## Records for the exercise
┄┄┄┄┄┄
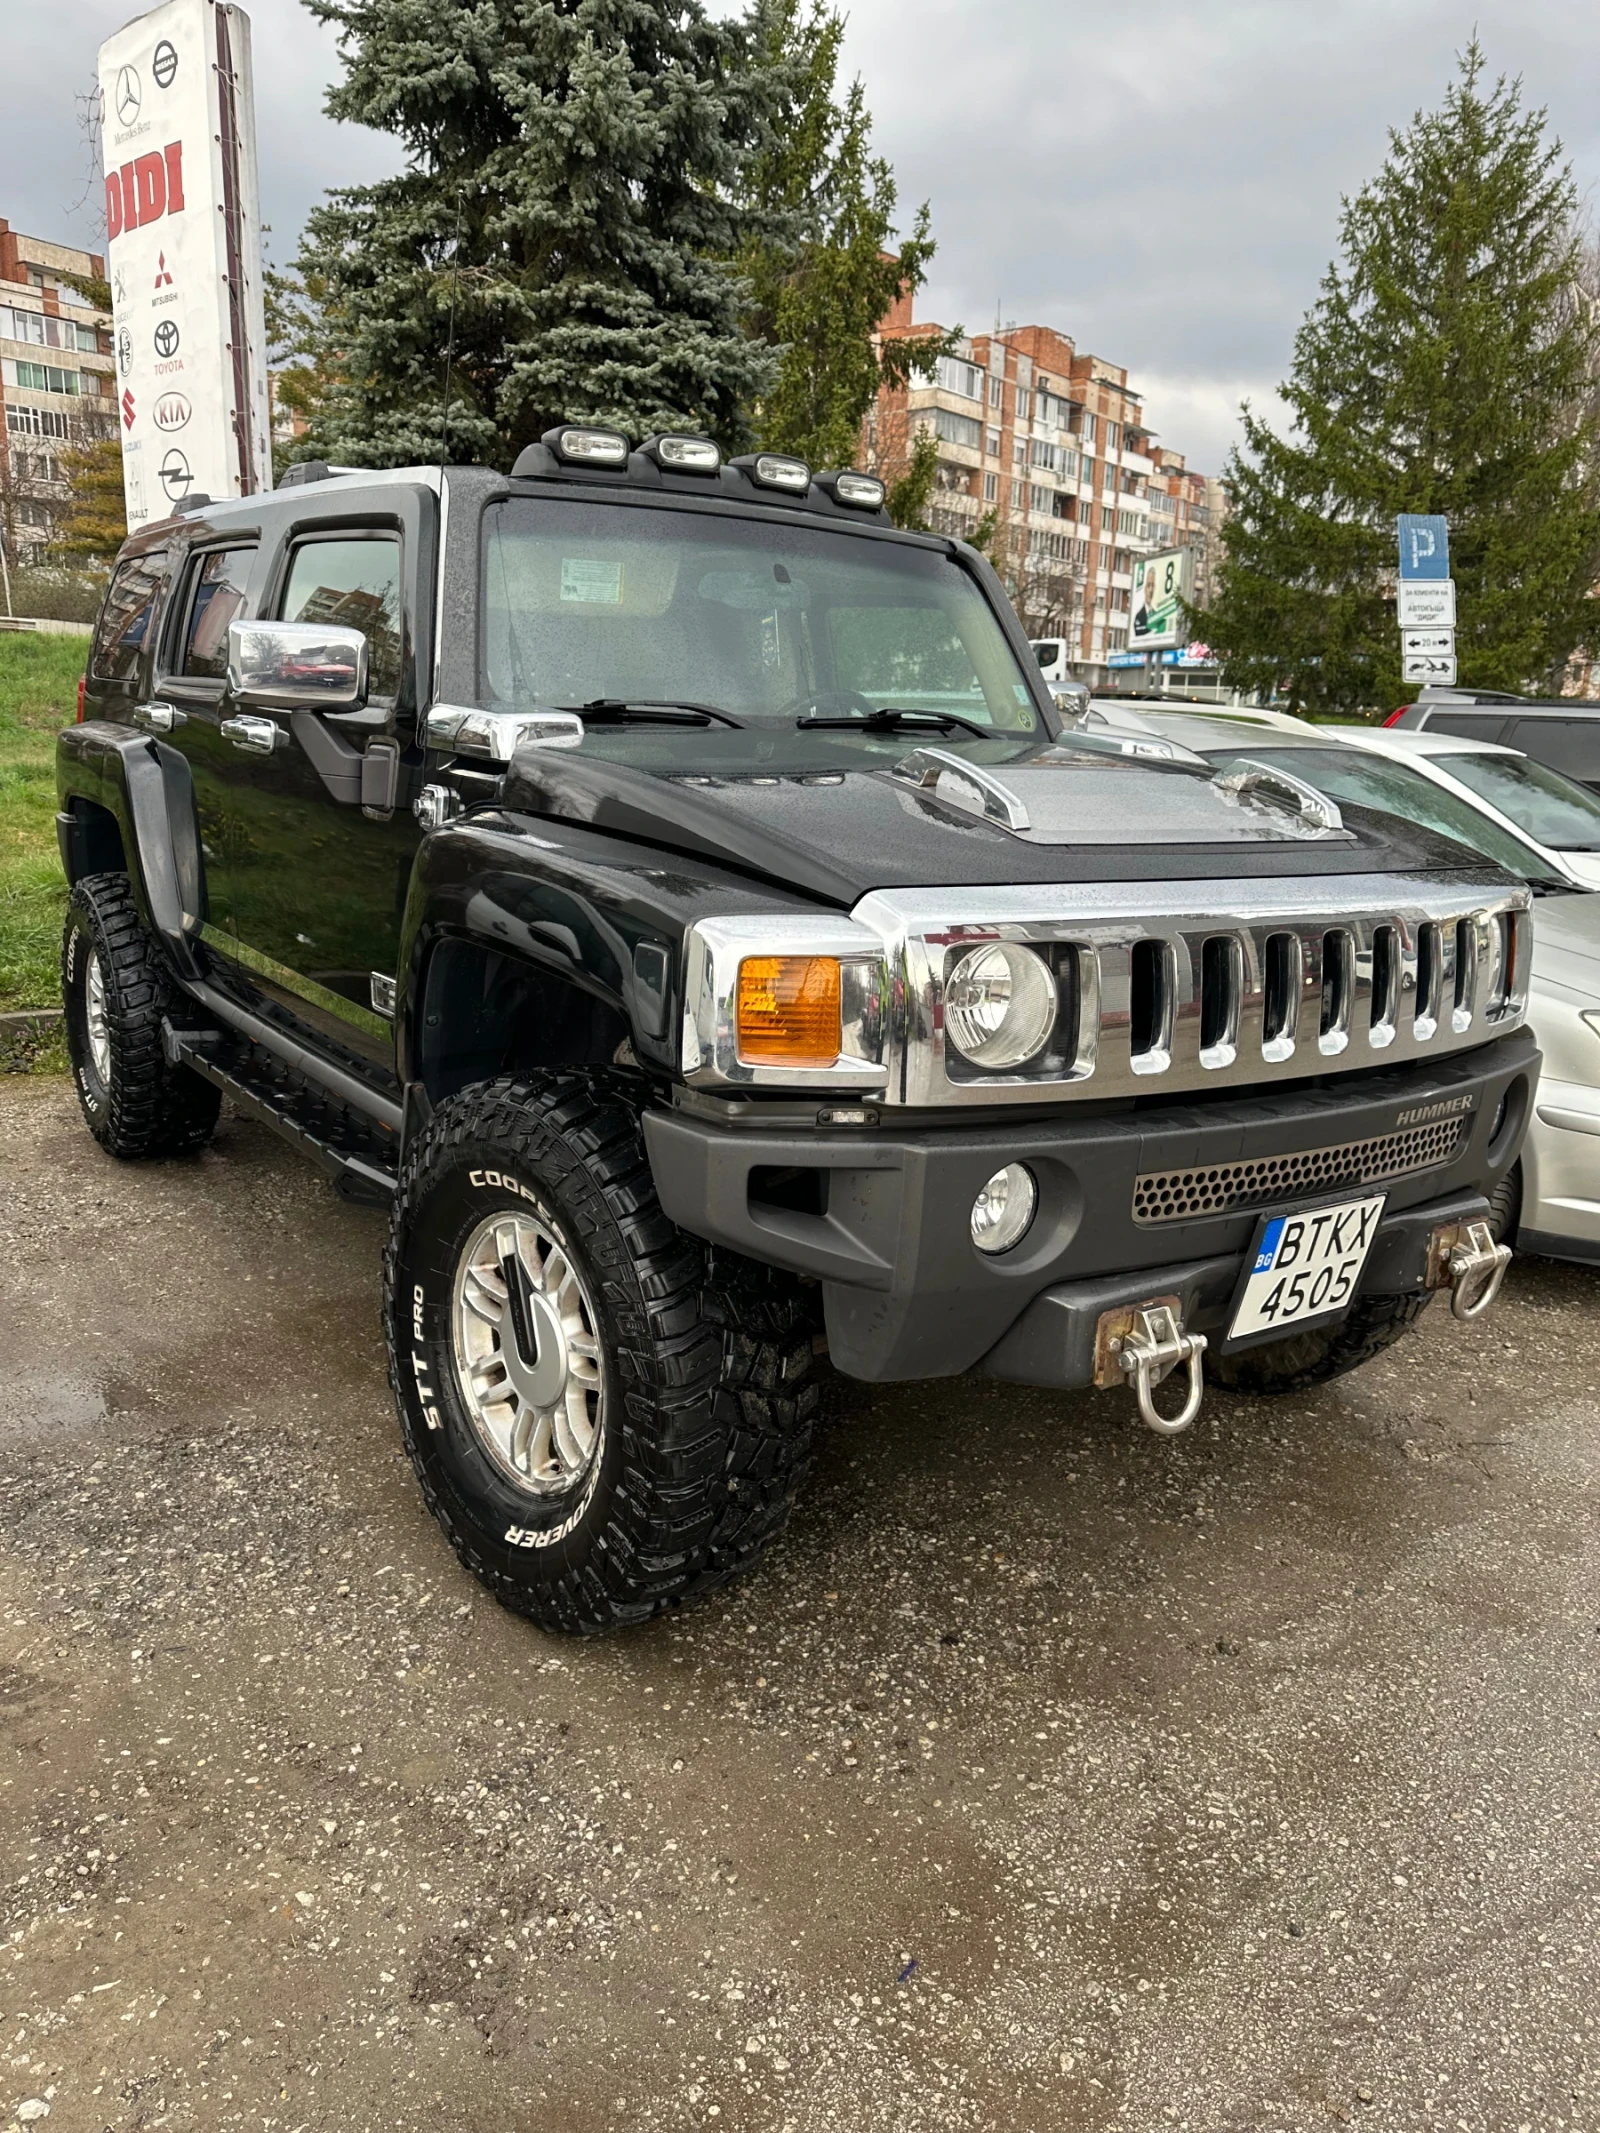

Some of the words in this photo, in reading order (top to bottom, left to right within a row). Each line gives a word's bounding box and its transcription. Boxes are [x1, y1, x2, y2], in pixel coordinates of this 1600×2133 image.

[105, 140, 184, 243] DIDI
[151, 291, 178, 308] MITSUBISHI
[154, 358, 184, 377] TOYOTA
[160, 402, 185, 425] KIA
[1411, 527, 1436, 569] P
[1165, 560, 1174, 594] 8
[1421, 638, 1431, 647] 20
[67, 924, 81, 983] COOPER
[85, 1094, 98, 1112] STT
[1396, 1094, 1473, 1127] HUMMER
[1274, 1203, 1379, 1270] BTKX
[1254, 1252, 1274, 1269] BG
[1259, 1259, 1358, 1322] 4505
[413, 1284, 425, 1342] PRO
[411, 1350, 444, 1430] STT
┄┄┄┄┄┄
## Task description
Leaving images out, please output every line of the data exactly.

## Exercise output
Some of the words in this photo, in reading order (top to bottom, left to right within a row). Each line gives a word's bounding box and its transcription. Boxes are [x1, y1, x2, y2], in pixel coordinates of this 1600×2133 image.

[105, 140, 184, 243] DIDI
[151, 291, 178, 308] MITSUBISHI
[154, 358, 184, 377] TOYOTA
[160, 402, 185, 425] KIA
[1411, 527, 1436, 569] P
[1165, 560, 1174, 594] 8
[1421, 638, 1431, 647] 20
[67, 924, 81, 983] COOPER
[85, 1094, 98, 1112] STT
[1396, 1094, 1473, 1127] HUMMER
[1274, 1203, 1379, 1270] BTKX
[1254, 1252, 1274, 1269] BG
[1259, 1259, 1358, 1322] 4505
[413, 1284, 425, 1342] PRO
[411, 1350, 444, 1430] STT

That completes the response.